Sunday, August 30, 2015

Review: 'Extraordinary Means'

Extraordinary Means
By Robyn Schneider
YA Realistic Fiction
May 2015
Katherine Tegen Books
ISBN: 978-0062217165

Lane has put himself on the fast track during his high school career -- AP, power electives, creating clubs that will look good on his Stanford application. That life is rudely interrupted when he goes to a most exclusive private school, one where homework is frowned upon, eating as much as possible is encouraged and getting tired or excited is the last thing that should happen.

The school is only for teens with a highly contagious form of TB. They are prisoners, waiting to see if they survive or die.

Lane rejects that. He continues to see his sojourn at the bucolic setting as an enforced holding pattern and continues to exert himself in studies. Meanwhile, at the table of kids who appear to shine over the rest, he recognizes a girl from summer camp a few years ago.

Sadie recognizes Lane as well, and she doesn’t want anything to do with the boy who caused her greatest humiliation. That's especially true now that she has come into her own. She is no longer one of the awkward kids, the kids who don’t fit in. She is thriving, finding ways to break the rules and stand up to authority.

In a story that outdoes The Fault in Our Stars for strong character voice, drama and humor that do not feel manipulative, Extraordinary Means is a most welcome novel for lovers of contemporary YA fiction.


©2015 All Rights Reserved CompuServe Books Reviews and republished with permission

Saturday, August 22, 2015

Review: 'None of the Above'

None of the Above
By I.W. Gregorio
YA Realistic Fiction
April 2015
Balzer + Bray
ISBN: 978-00623335319

Things are going well for Kristin during her senior year -- she has two solid friends, a dreamy boyfriend, is interested in life and school, and she runs. She and her father are coping with her mother's death from cancer several years ago.

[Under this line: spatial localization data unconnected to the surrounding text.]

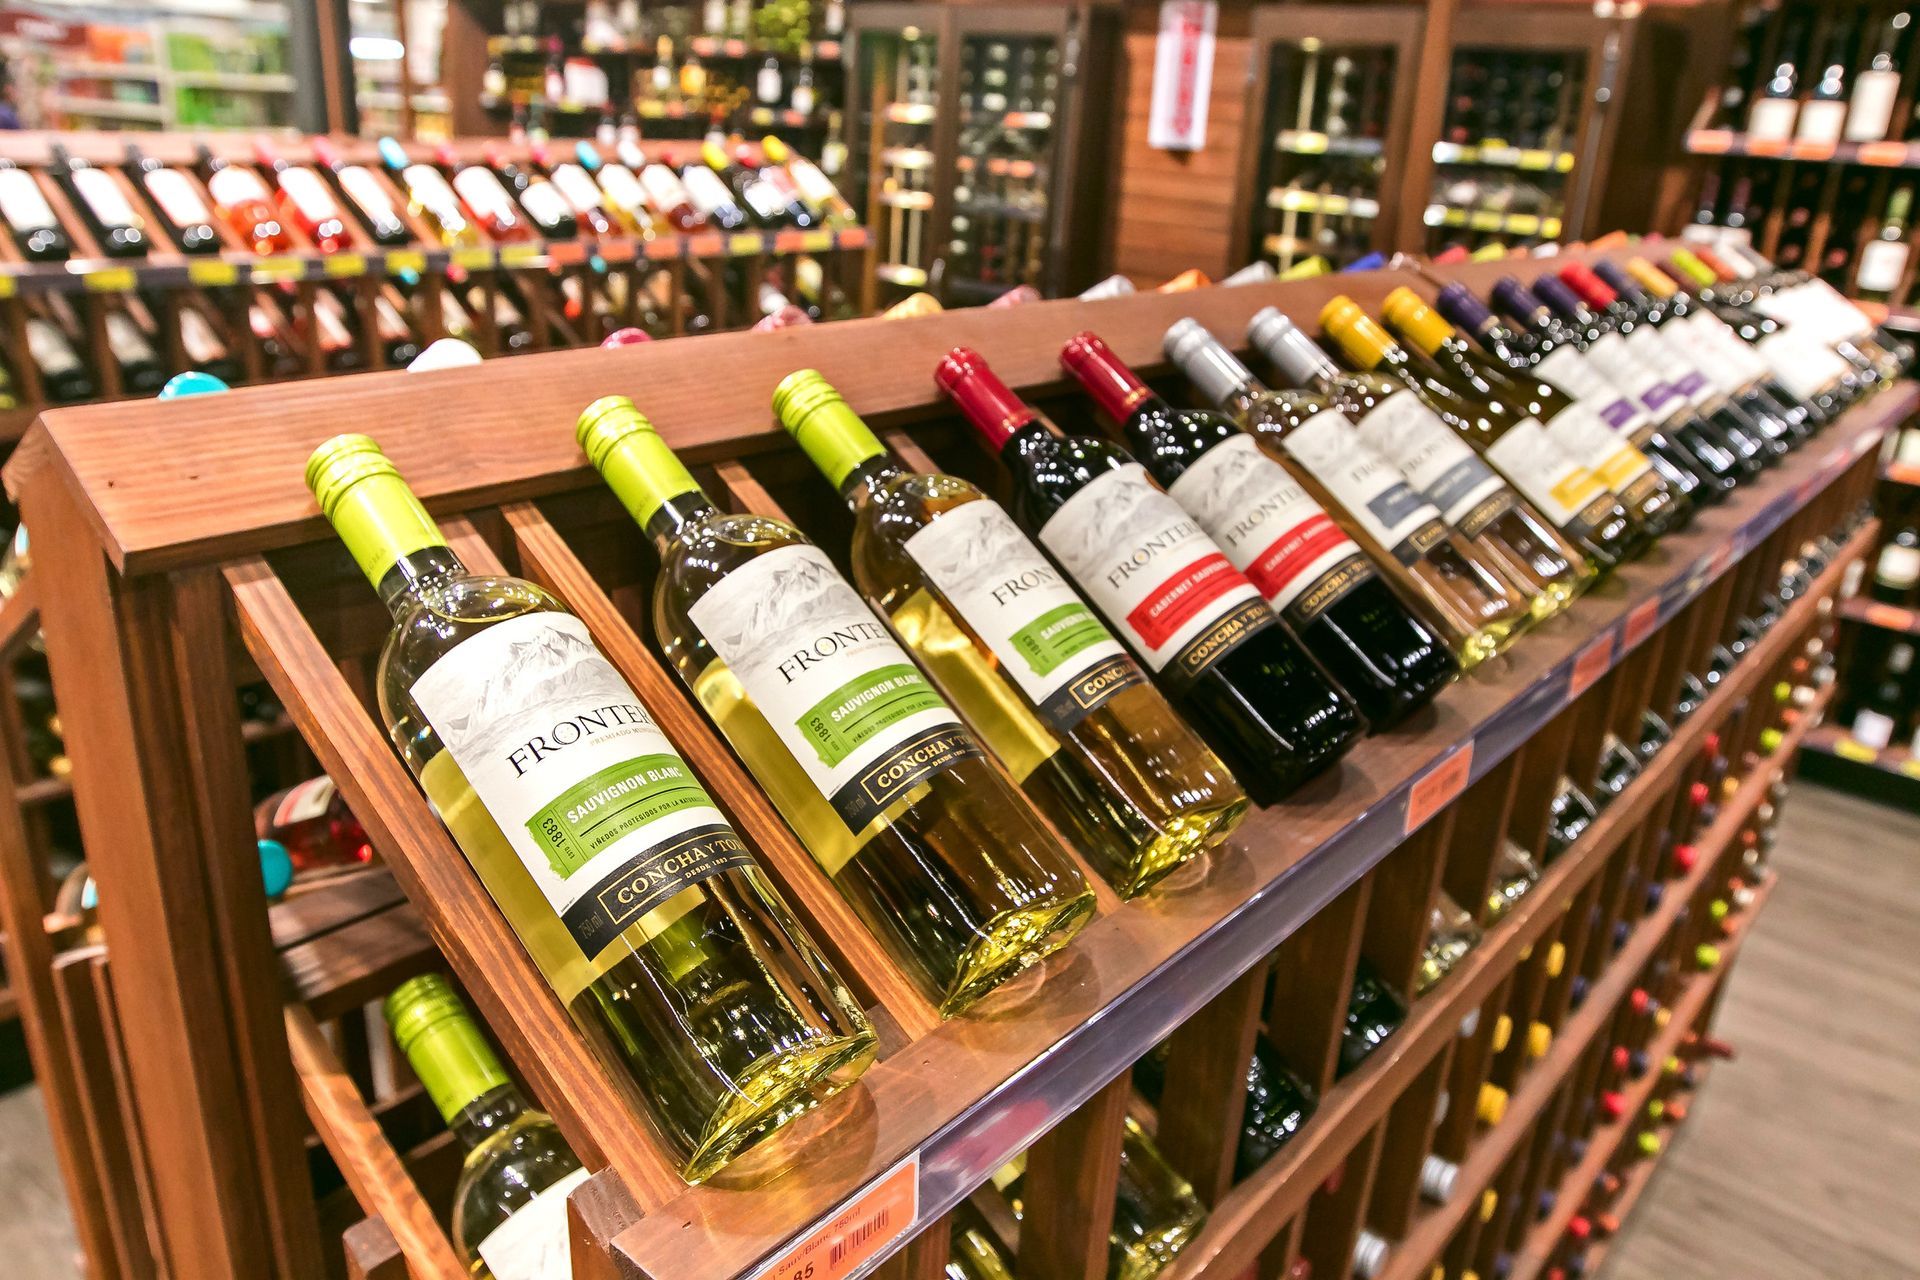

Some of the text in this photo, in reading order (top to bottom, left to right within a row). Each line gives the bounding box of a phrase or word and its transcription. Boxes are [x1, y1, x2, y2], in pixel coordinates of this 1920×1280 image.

[1188, 619, 1244, 666] CONCHA
[830, 679, 896, 722] SAUVIGNON
[810, 717, 832, 742] 1883
[876, 740, 950, 788] CONCHA
[945, 737, 955, 748] Y
[566, 766, 683, 824] SAUVIGNON BLANC
[542, 818, 566, 848] 1883
[589, 828, 619, 850] VIÑEDOS
[619, 806, 659, 833] PROTEGIDOS
[659, 802, 671, 813] POR
[672, 799, 679, 808] LA
[616, 847, 709, 905] CONCHA
[703, 843, 715, 854] Y
[684, 862, 711, 879] DESDE
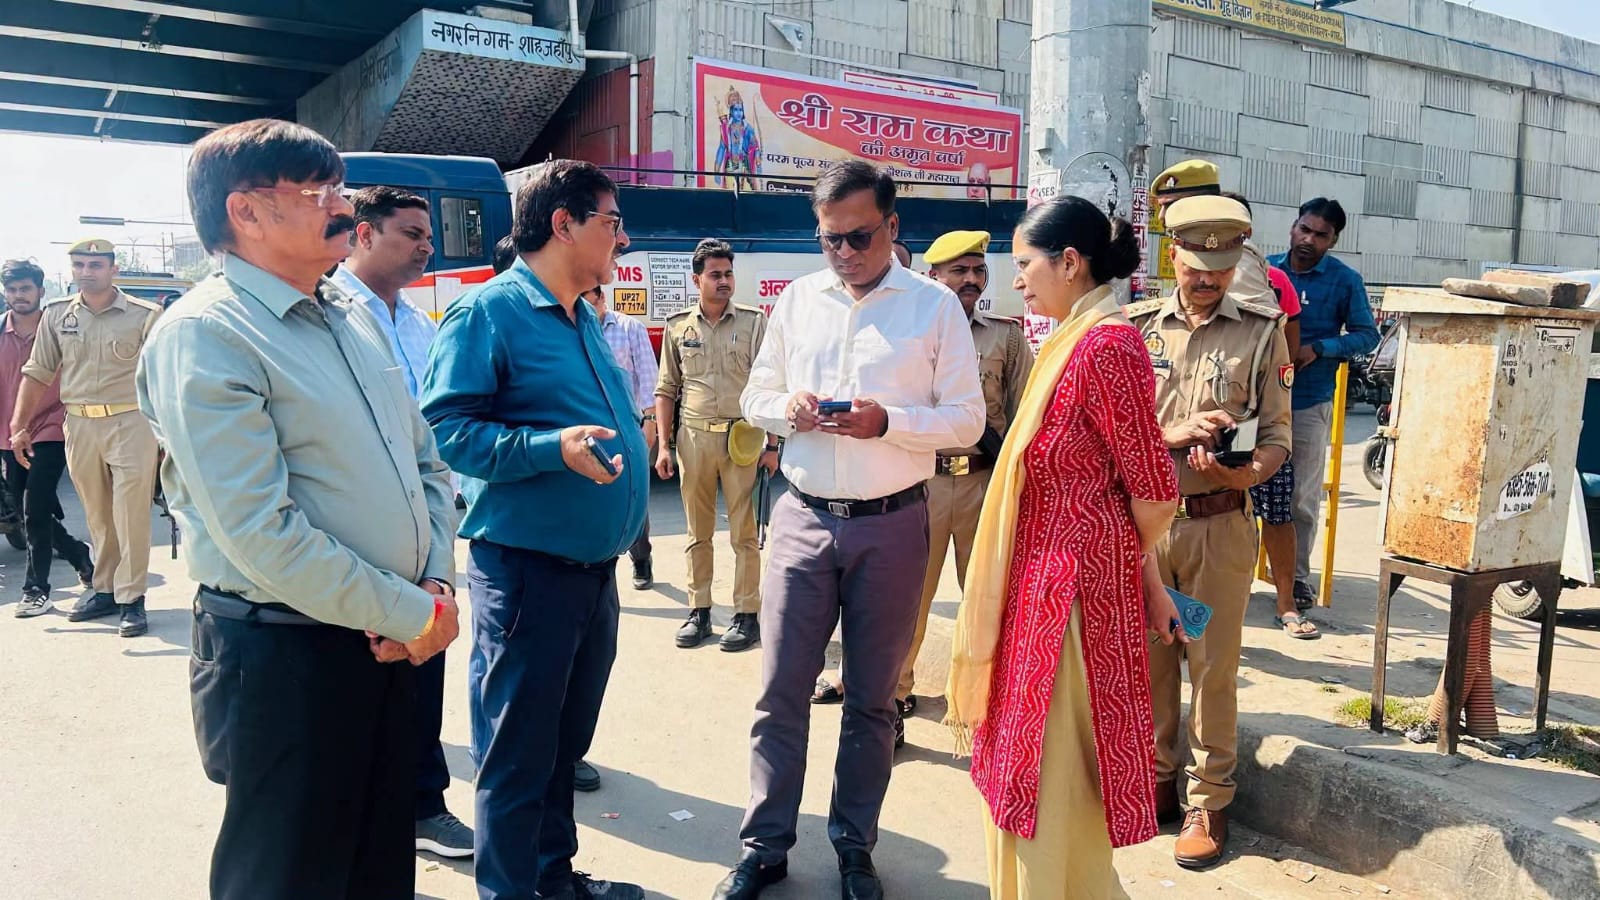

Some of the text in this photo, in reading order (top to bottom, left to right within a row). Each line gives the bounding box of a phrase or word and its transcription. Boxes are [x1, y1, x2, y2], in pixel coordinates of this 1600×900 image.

Then she discovers everything she knew about herself is not what she thought, and everything changes.

When she and her longtime boyfriend finally try to have sex, it's painful. Kristin is smart enough to go to a doctor to see what's wrong. She's surprised to discover she's intersex, with organs of both genders.

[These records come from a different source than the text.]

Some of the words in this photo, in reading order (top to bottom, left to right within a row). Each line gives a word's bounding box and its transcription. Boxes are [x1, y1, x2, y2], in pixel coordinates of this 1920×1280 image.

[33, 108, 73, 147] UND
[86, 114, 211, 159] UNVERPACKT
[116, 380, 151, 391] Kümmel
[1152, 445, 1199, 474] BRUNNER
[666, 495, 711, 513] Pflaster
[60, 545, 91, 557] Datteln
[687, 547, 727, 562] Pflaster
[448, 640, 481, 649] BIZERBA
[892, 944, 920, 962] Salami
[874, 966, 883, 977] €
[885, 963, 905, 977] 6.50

So at an age when most people are discovering themselves, Kristin is doing so, but starting from scratch. Everything she has thought about herself she now questions.

So do other people when the entire school finds out.

Debut author Gregorio, who is a doctor, handles Kristin's situation with kindness and from more than one angle. Regular teen complications of finding the right boy, dealing with scorn and discovering who you can really rely on are woven into the novel seamlessly.

Because Gregorio writes honestly about sexual matters, but with great taste, this is on the older end of YA fiction. But it is a novel I have recommended for every high school library.


©2015 All Rights Reserved CompuServe Books Reviews and reprinted by permission

Sunday, August 9, 2015

Sunday Sentence: 'Against the Country'

As inspired by Fobbit author David Abrams at The Quivering Pen, the best sentence(s) I read this week, presented without context or commentary:

So it was that whereas we were led to believe we had acquired the land, when in fact the land had acquired us; and whereas the land was, in my estimation, perfectly happy with this arrangement, though in a remarkably short time we were not; and whereas the law in no way met its onus to correct, or at a minimum to address, this injustice as it might any other; therefore my father's war on the property, and its war on us, could in no way be considered actionable, which left us his only incentive to sue for peace the psychological welfare of his famly, which he seemed to regard, if that word even applies here, as no more than an annoyance ... So it was that we stumbled into the country life like an infant who takes his first astonished steps and then, as his frightened grin dissolves, reaches out to catch himself against the side of a red-hot wood stove.

-- Ben Metcalf, Against the Country

Sunday, August 2, 2015

Sunday Sentence: 'The Turner House'

As inspired by Fobbit author David Abrams at The Quivering Pen, the best sentence(s) I read this week, presented without further context or commentary:

One man's haunting is another man's hallowed guest.